What is being asked:
Print out each entry below in full, exactly as given, excluding pictures.

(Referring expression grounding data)

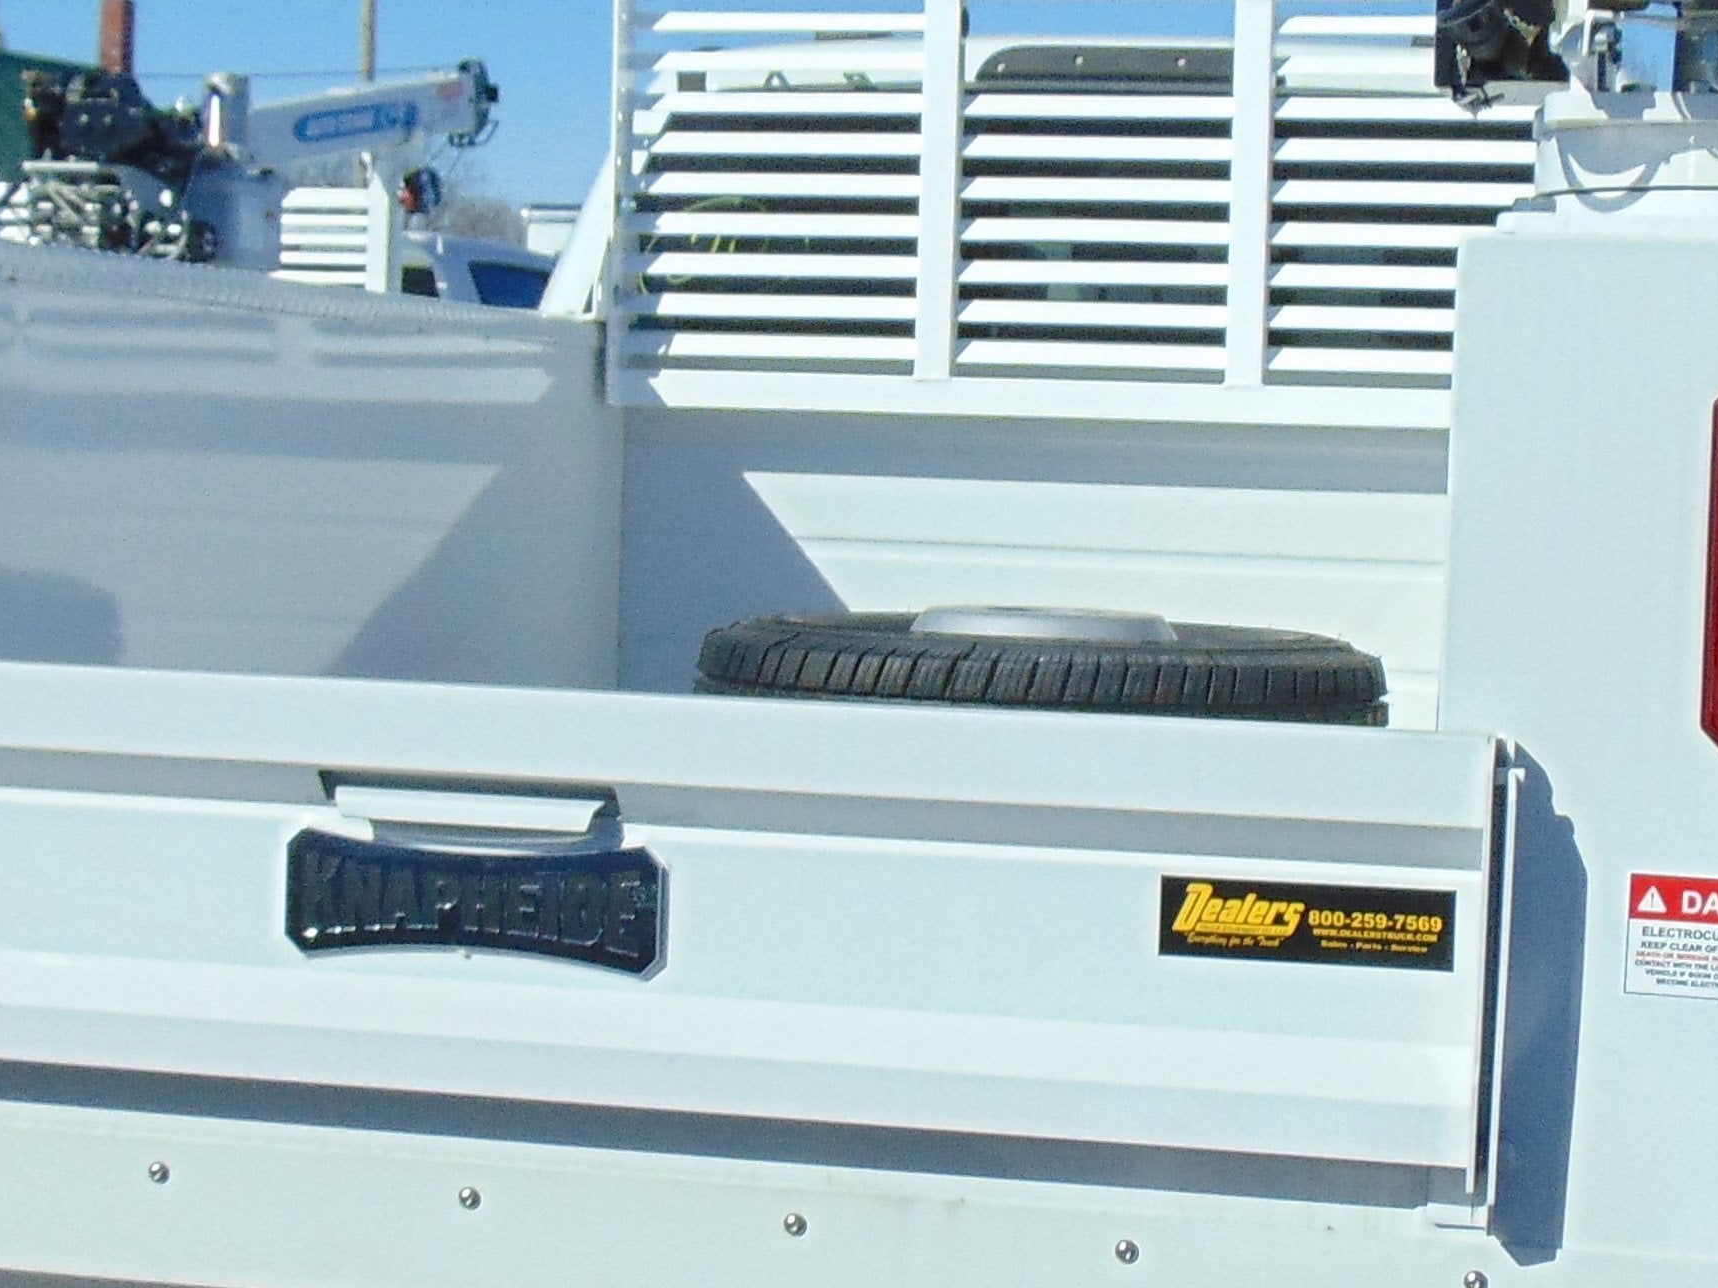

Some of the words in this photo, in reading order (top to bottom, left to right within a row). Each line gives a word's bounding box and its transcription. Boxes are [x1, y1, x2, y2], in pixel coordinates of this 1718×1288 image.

[1172, 882, 1306, 937] Dealers
[1308, 909, 1442, 932] 800-259-7569
[1641, 941, 1667, 950] KEEP
[1669, 942, 1702, 952] CLEAR
[1705, 945, 1718, 953] OF
[1634, 959, 1670, 968] CONTACT
[1694, 963, 1708, 971] THE
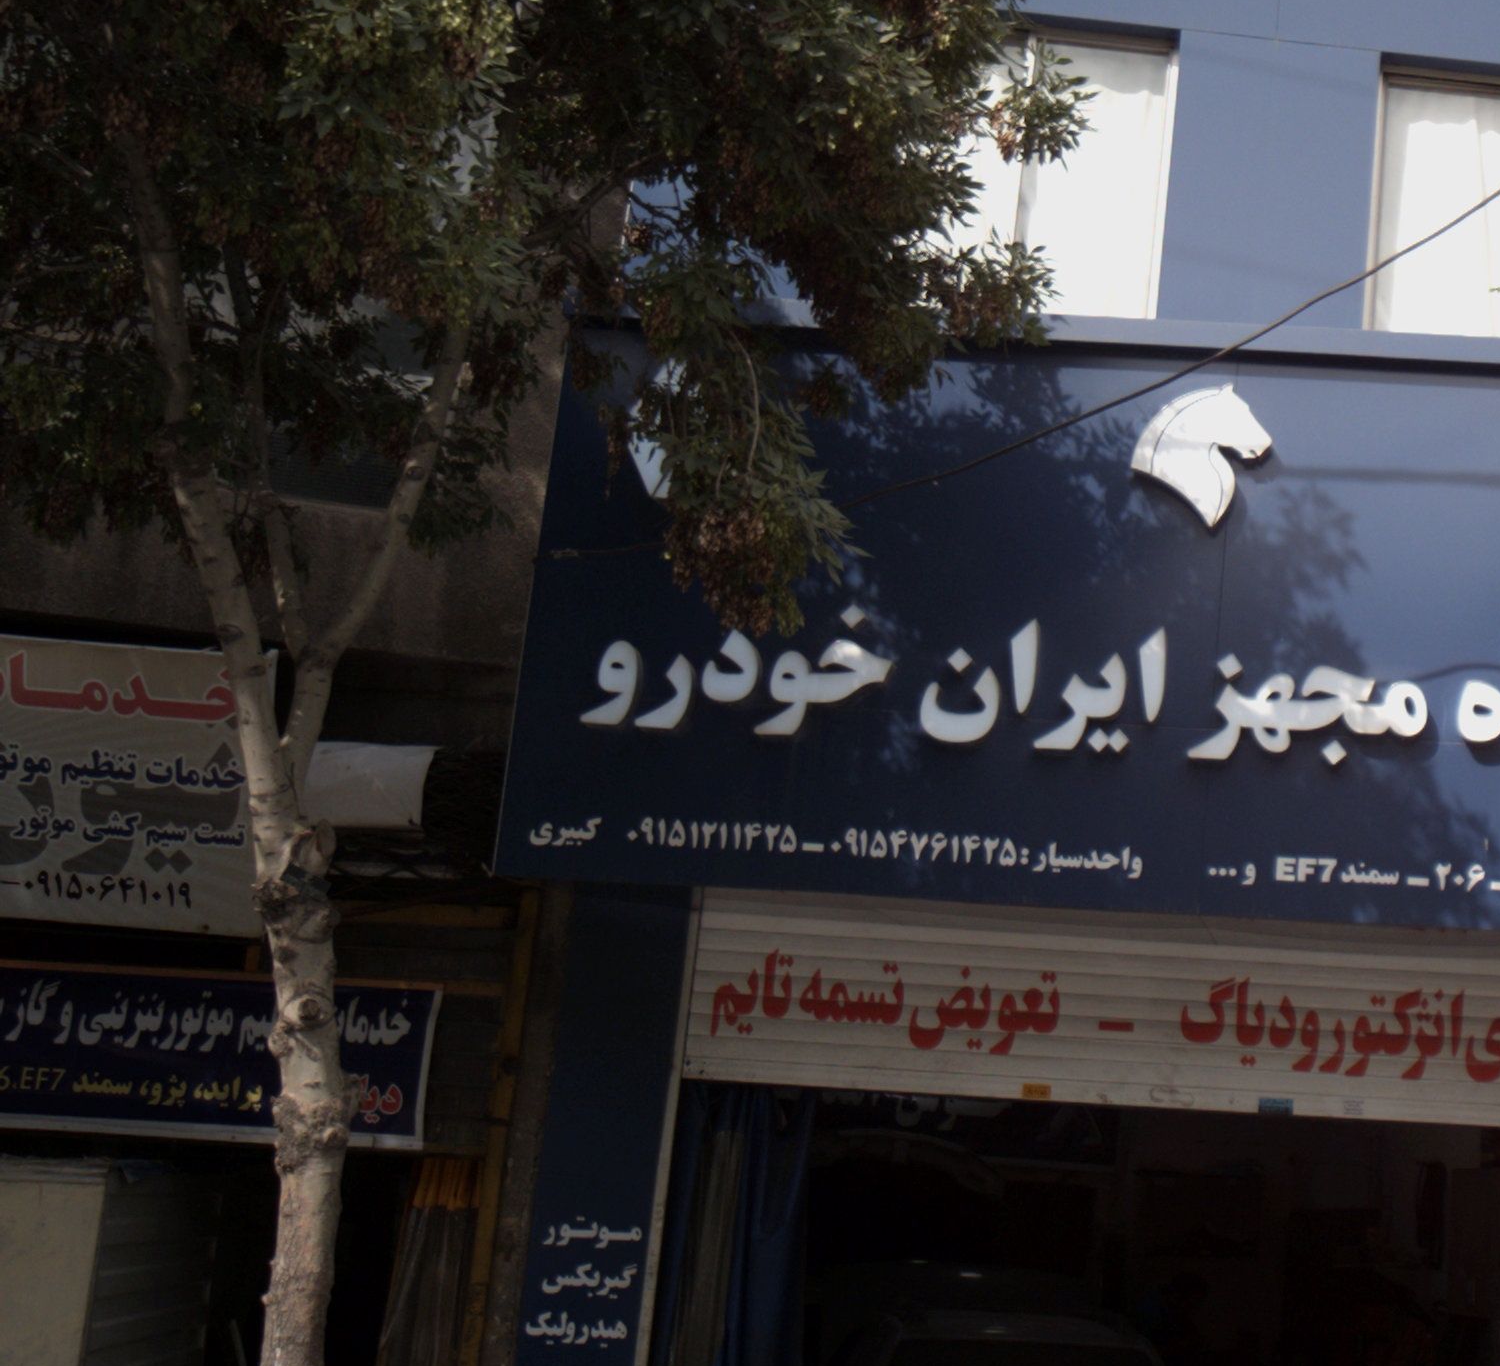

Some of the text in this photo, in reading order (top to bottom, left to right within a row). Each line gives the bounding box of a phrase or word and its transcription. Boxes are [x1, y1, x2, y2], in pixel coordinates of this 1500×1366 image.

[0, 650, 238, 721] خدما
[579, 604, 896, 735] خودرو
[920, 618, 1167, 752] ایران
[1187, 653, 1428, 766] مجهز
[61, 750, 137, 785] تنظیم
[146, 756, 246, 789] خدمات
[13, 808, 244, 847] تست سیم کشی موتور
[529, 817, 602, 847] کبیری
[1275, 856, 1337, 884] EF7
[1340, 862, 1400, 886] سمند
[1435, 863, 1486, 892] ۲۰۶
[3, 979, 61, 1042] گاز
[710, 948, 795, 1036] تایم
[799, 961, 905, 1026] تسمه
[908, 966, 1060, 1055] تعویض
[72, 1072, 133, 1095] سمند
[542, 1215, 643, 1249] موتور
[541, 1263, 639, 1300] گیربکس
[525, 1311, 628, 1349] هیدرولیک

Exercise answer:
Some of the words in this photo, in reading order (top to bottom, left to right within a row). Each line gives a word's bounding box and its transcription. Boxes are [x1, y1, x2, y2], in pixel coordinates of this 1718×1288 image.

[1172, 882, 1306, 937] Dealers
[1308, 909, 1442, 932] 800-259-7569
[1641, 941, 1667, 950] KEEP
[1669, 942, 1702, 952] CLEAR
[1705, 945, 1718, 953] OF
[1634, 959, 1670, 968] CONTACT
[1694, 963, 1708, 971] THE

Some of the text in this photo, in reading order (top to bottom, left to right within a row). Each line gives the bounding box of a phrase or word and its transcription. Boxes are [x1, y1, x2, y2], in pixel coordinates of this 1500×1366 image.

[0, 650, 238, 721] خدما
[579, 604, 896, 735] خودرو
[920, 618, 1167, 752] ایران
[1187, 653, 1428, 766] مجهز
[61, 750, 137, 785] تنظیم
[146, 756, 246, 789] خدمات
[13, 808, 244, 847] تست سیم کشی موتور
[529, 817, 602, 847] کبیری
[1275, 856, 1337, 884] EF7
[1340, 862, 1400, 886] سمند
[1435, 863, 1486, 892] ۲۰۶
[3, 979, 61, 1042] گاز
[710, 948, 795, 1036] تایم
[799, 961, 905, 1026] تسمه
[908, 966, 1060, 1055] تعویض
[72, 1072, 133, 1095] سمند
[542, 1215, 643, 1249] موتور
[541, 1263, 639, 1300] گیربکس
[525, 1311, 628, 1349] هیدرولیک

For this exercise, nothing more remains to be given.